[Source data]

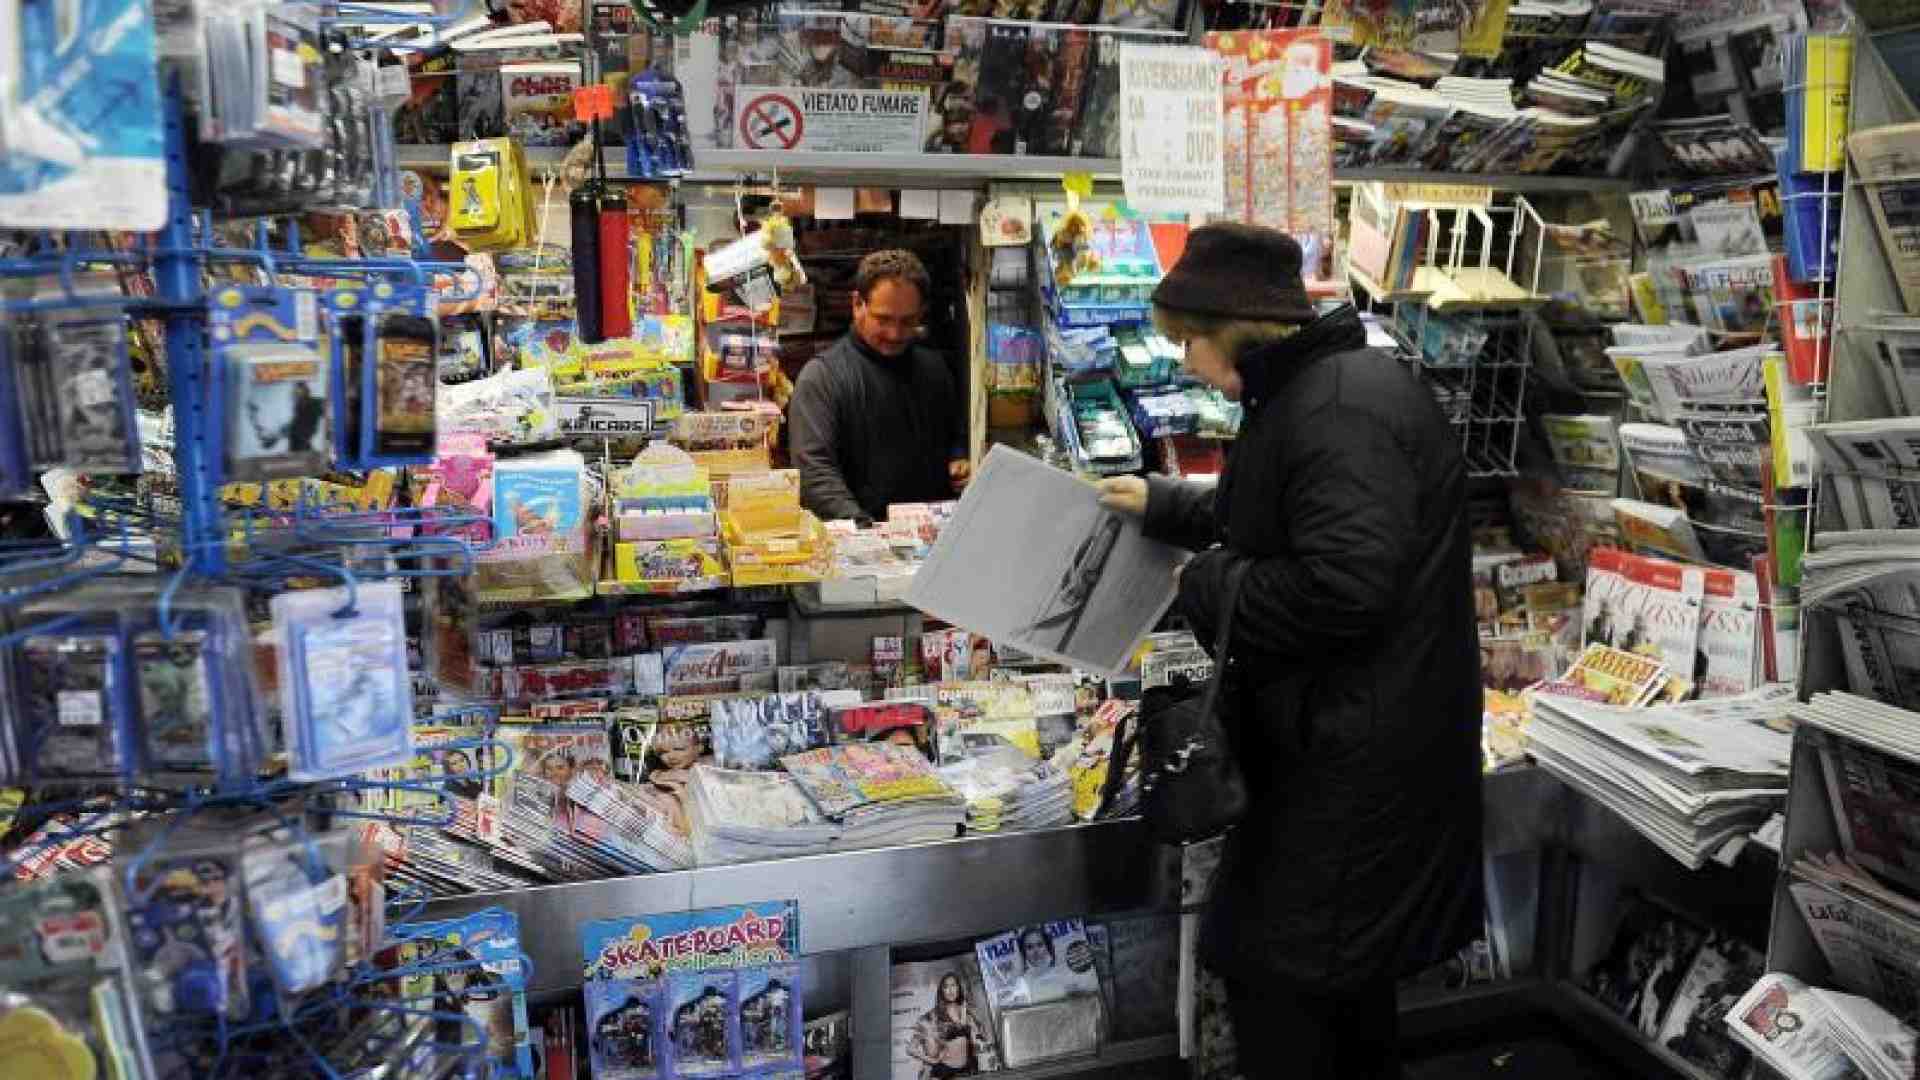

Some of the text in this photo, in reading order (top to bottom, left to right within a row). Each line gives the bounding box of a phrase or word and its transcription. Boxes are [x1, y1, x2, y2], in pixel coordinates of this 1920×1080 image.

[1127, 61, 1218, 91] RIVERSIAMO
[802, 92, 919, 114] VIETATO FUMARE
[1186, 132, 1217, 162] DVD
[602, 918, 783, 968] SKATEBOARD
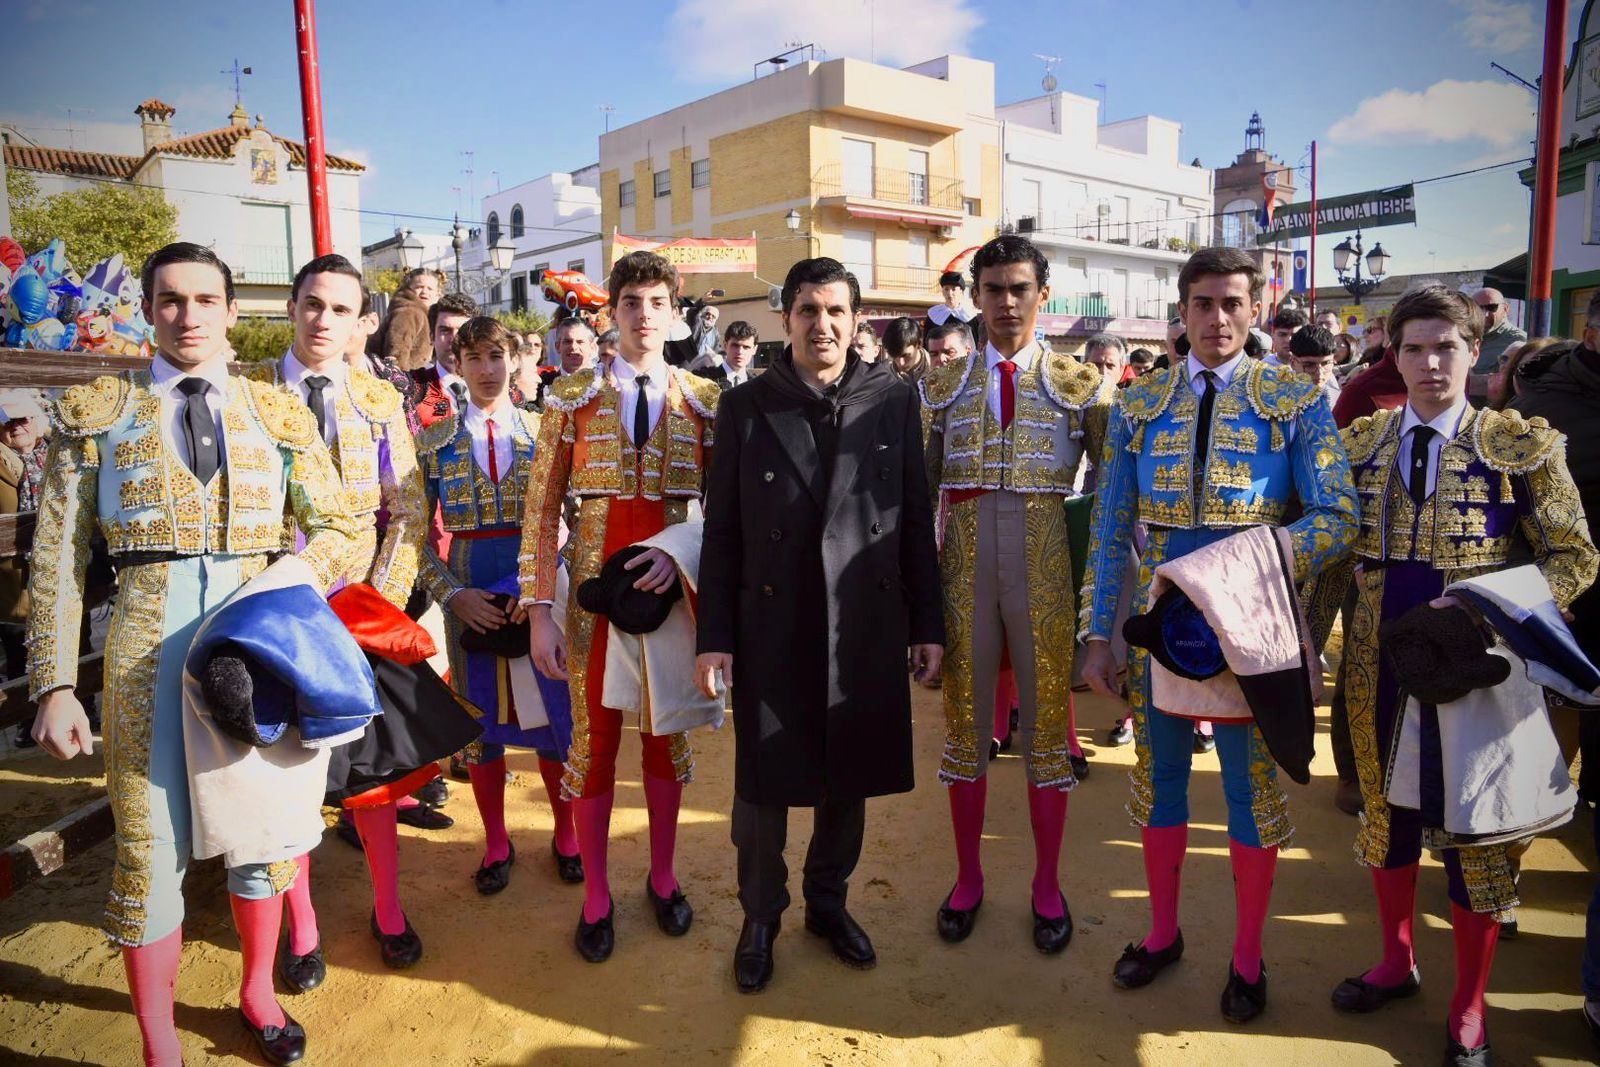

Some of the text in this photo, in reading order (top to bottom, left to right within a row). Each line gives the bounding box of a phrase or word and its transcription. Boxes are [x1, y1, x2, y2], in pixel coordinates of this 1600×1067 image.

[1369, 197, 1412, 217] LIBRE
[673, 247, 685, 263] DE
[687, 247, 703, 263] SAN
[1084, 318, 1098, 330] Las
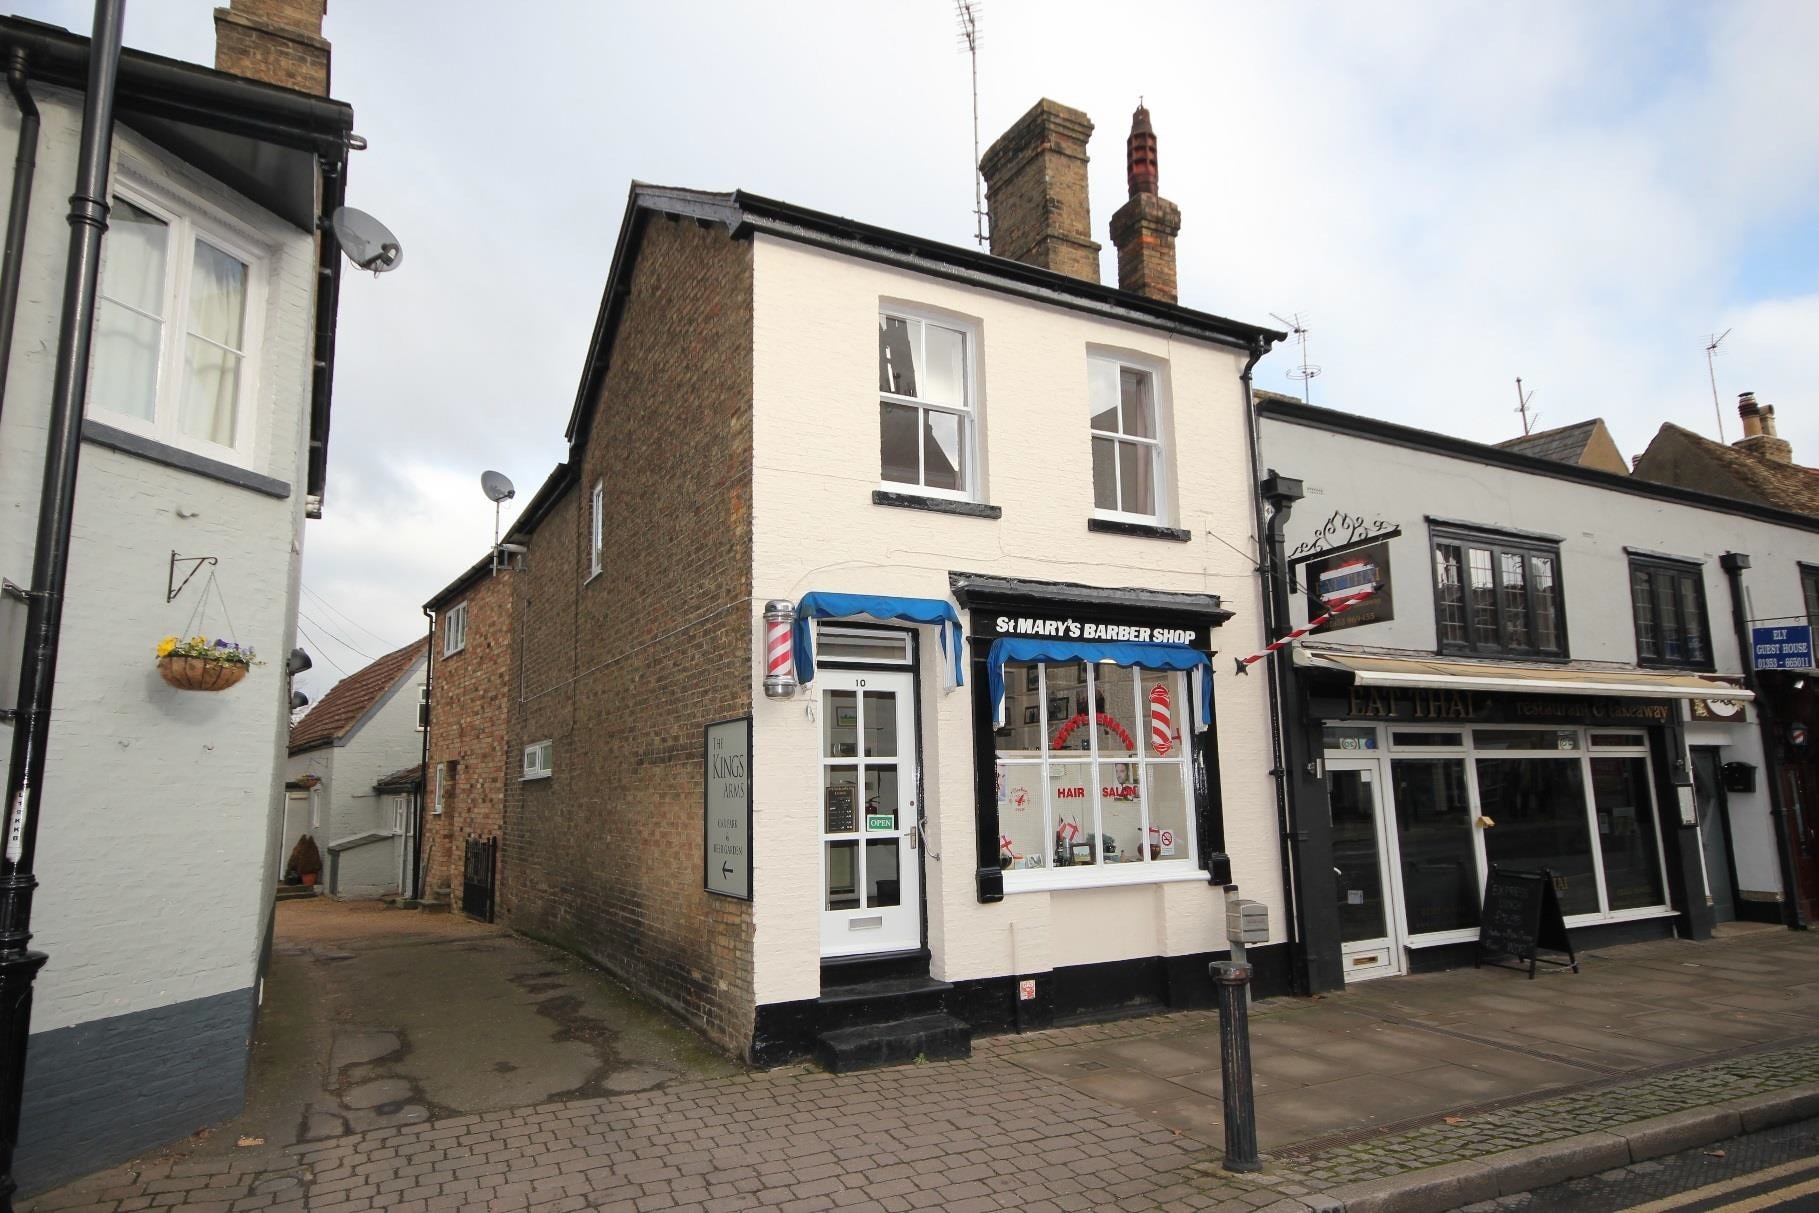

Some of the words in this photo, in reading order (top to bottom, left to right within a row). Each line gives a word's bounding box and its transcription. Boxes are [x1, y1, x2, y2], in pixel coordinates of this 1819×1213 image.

[996, 616, 1015, 633] St
[1017, 617, 1081, 638] MARY'S
[1083, 623, 1150, 643] BARBER
[1152, 628, 1196, 645] SHOP
[1773, 630, 1787, 640] ELY
[1756, 644, 1780, 655] GUEST
[1782, 643, 1808, 653] HOUSE
[855, 679, 866, 687] 10
[1347, 687, 1400, 717] EAT
[1408, 687, 1474, 718] THAI
[712, 737, 724, 751] THE
[712, 753, 744, 779] KINGS
[723, 782, 745, 799] ARMS
[1057, 787, 1085, 799] HAIR
[1102, 786, 1137, 797] SALON
[870, 819, 891, 827] OPEN
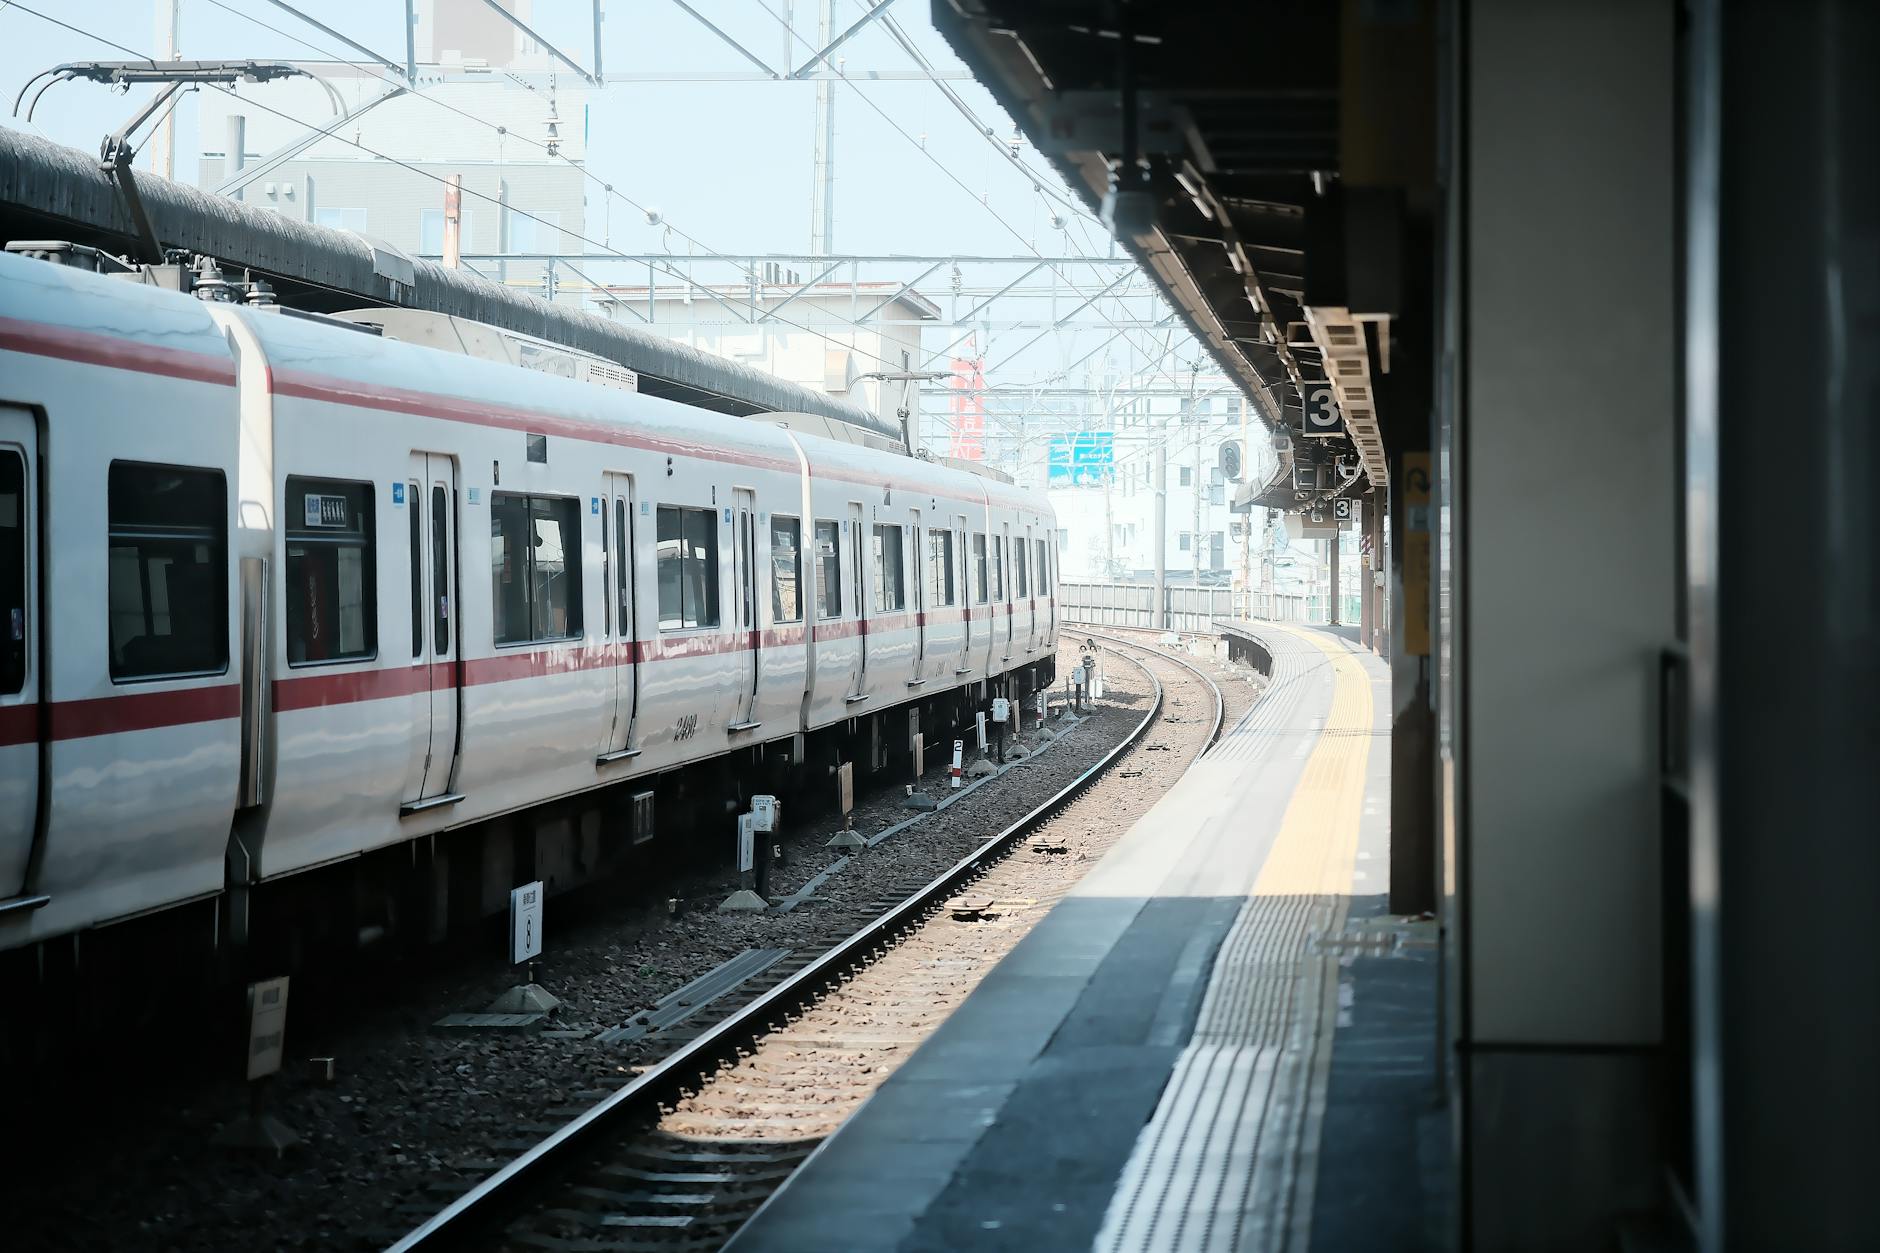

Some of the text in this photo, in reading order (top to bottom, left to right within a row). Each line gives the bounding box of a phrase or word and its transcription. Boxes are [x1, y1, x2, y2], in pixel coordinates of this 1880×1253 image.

[1310, 389, 1339, 426] 3
[1336, 501, 1349, 516] 3
[955, 741, 962, 751] 2

**EXERCISE**
Starting with the top line, write out all the data above exactly; keep the pictures out.

**RESPONSE TO THE EXERCISE**
Some of the text in this photo, in reading order (top to bottom, left to right within a row). Each line gives the bounding box of a phrase or word and its transcription. Boxes are [x1, y1, x2, y2], in pixel coordinates of this 1920×1080 image.

[1127, 61, 1218, 91] RIVERSIAMO
[802, 92, 919, 114] VIETATO FUMARE
[1186, 132, 1217, 162] DVD
[602, 918, 783, 968] SKATEBOARD

Some of the text in this photo, in reading order (top to bottom, left to right within a row). Each line gives the bounding box of a phrase or word and its transcription. Boxes are [x1, y1, x2, y2], in pixel coordinates of this 1600×1067 image.

[1369, 197, 1412, 217] LIBRE
[673, 247, 685, 263] DE
[687, 247, 703, 263] SAN
[1084, 318, 1098, 330] Las

Some of the words in this photo, in reading order (top to bottom, left to right within a row). Each line gives a word's bounding box and its transcription. Boxes are [x1, y1, x2, y2], in pixel coordinates of this 1819×1213 image.

[996, 616, 1015, 633] St
[1017, 617, 1081, 638] MARY'S
[1083, 623, 1150, 643] BARBER
[1152, 628, 1196, 645] SHOP
[1773, 630, 1787, 640] ELY
[1756, 644, 1780, 655] GUEST
[1782, 643, 1808, 653] HOUSE
[855, 679, 866, 687] 10
[1347, 687, 1400, 717] EAT
[1408, 687, 1474, 718] THAI
[712, 737, 724, 751] THE
[712, 753, 744, 779] KINGS
[723, 782, 745, 799] ARMS
[1057, 787, 1085, 799] HAIR
[1102, 786, 1137, 797] SALON
[870, 819, 891, 827] OPEN

Some of the text in this photo, in reading order (top to bottom, left to right within a row). Each line gives the bounding box of a phrase or word and its transcription. Boxes are [x1, y1, x2, y2], in pixel coordinates of this 1880×1253 image.

[1310, 389, 1339, 426] 3
[1336, 501, 1349, 516] 3
[955, 741, 962, 751] 2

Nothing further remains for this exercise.